Raj Rao’s book is a collection of essays that straddle the personal and the political as they narrate the evolving LGBT movement in India. The book is rewarding once the reader acknowledges its genre-bending ambitions. The introduction by Thomas Waugh, who claims intimate acquaintance with the author for a ‘quarter of a century’, sets the mood for the rest of the text. Waugh establishes Raj Rao as a pioneering novelist, theoretician and activist. He also provides a caveat to the readers and notes, ‘There are occasional overlaps and repetitions, a reminder both that essays should not be read from start to finish in one sitting and that a good teacher always repeats the points to be learned in the exam’ (p. xvi). Since I did not heed his counsel and read the book from start to finish, my review may read as that befitting a truant student. Given the transgressive politics that Rao espouses in the book, I think it is rather apposite to do so.

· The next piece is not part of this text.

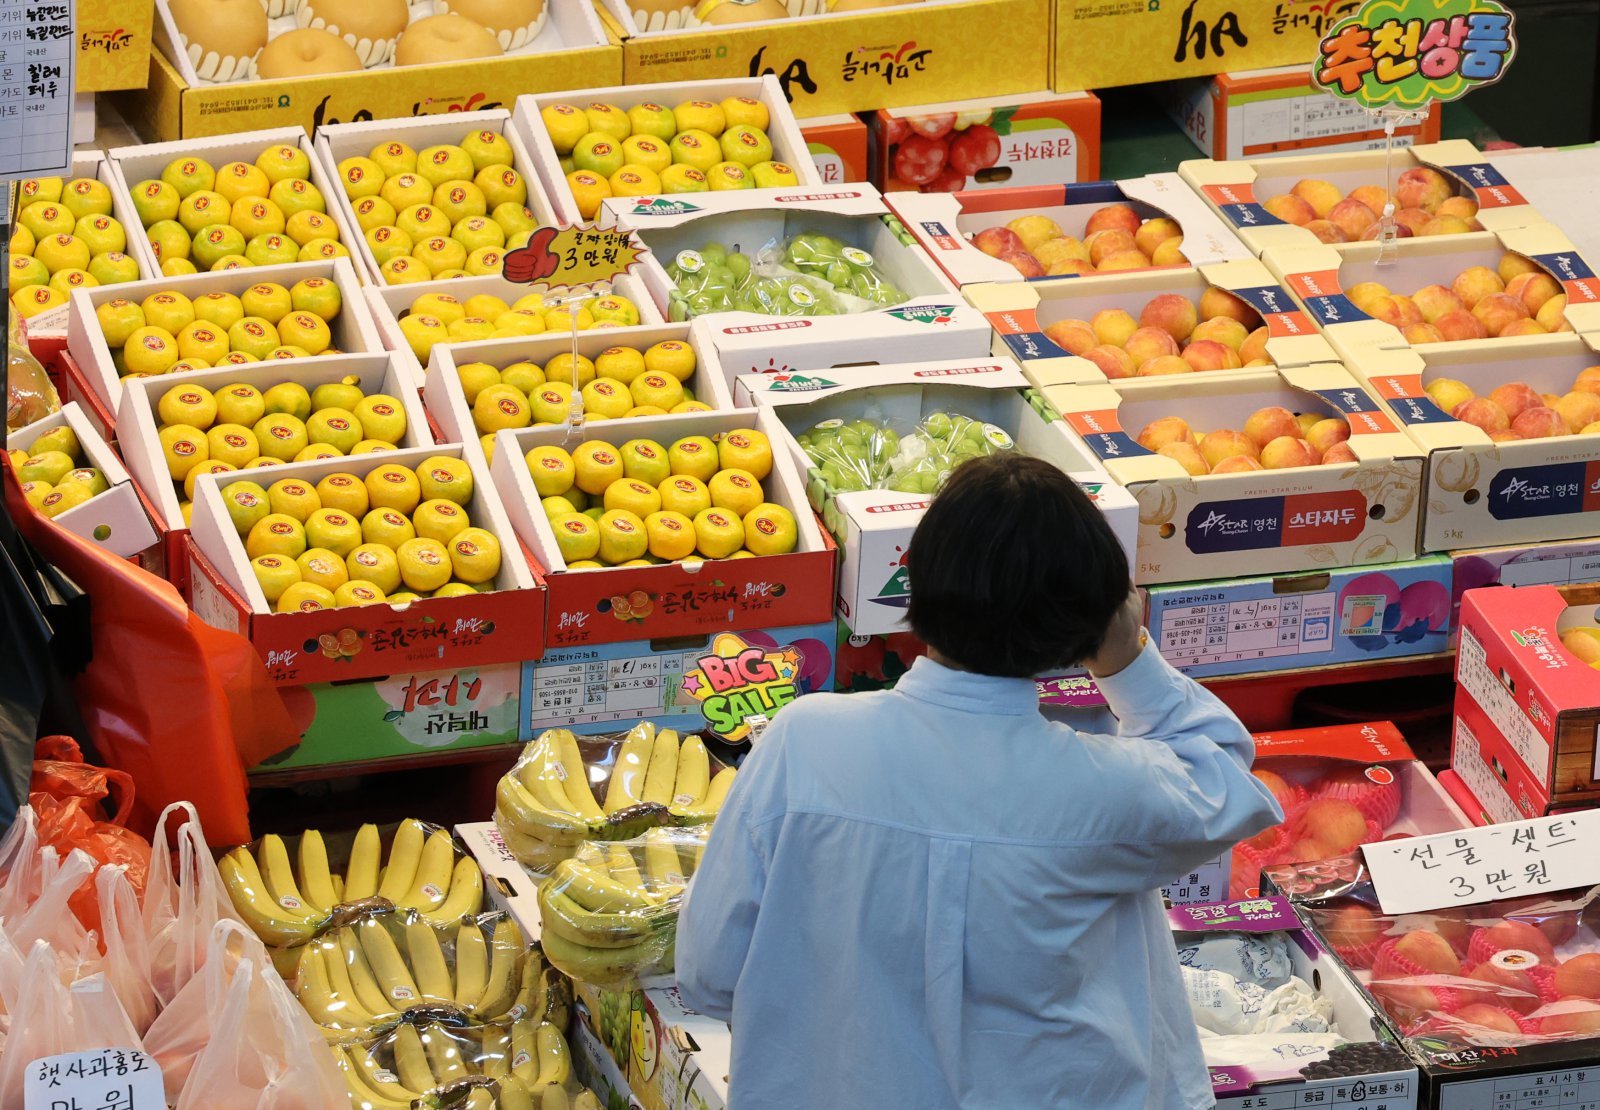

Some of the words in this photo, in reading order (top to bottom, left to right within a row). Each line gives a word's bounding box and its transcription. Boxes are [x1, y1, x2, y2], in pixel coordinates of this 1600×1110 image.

The author in the course of nine chapters rehearses western queer theory rendering it relevant to the postcolonial Indian context. He demystifies prevalent approaches to the study of sexuality and provides the readers with a radical approach to sexual politics and desire.
In the first chapter, ‘Sex, Sexuality, Gender and Culture’, the author answers the provocative question ‘Is sexuality performative?’ For Rao, the performative aspect of sexuality applies to men more than women, and he details how this hinges on the ‘penetrative organ’. An opportunity for a rather interesting discussion on sexual perfomativity is lost since Rao unwittingly appears to conflate performativity with sexual performance. The chapter veers towards a discussion of heterosexism and homosociality (non-sexual, gender specific bonding) which the author discusses as an alibi to homosexuality. He also introduces sexual politics and its heroic flag-bearers—Foucault, Oscar Wilde, and Terry Goldie among others. His anti-essentialist, creative stance towards sexuality that he labels ‘de-stereotyping the body’ is a war-cry against any emergent form of sexual normativity, be it heteronormativity or homonormativity. Rao argues that homosexual oppression is sustained by religion, law and medicine and closes his chapter with a discussion on pink money and the consumptive gay identity.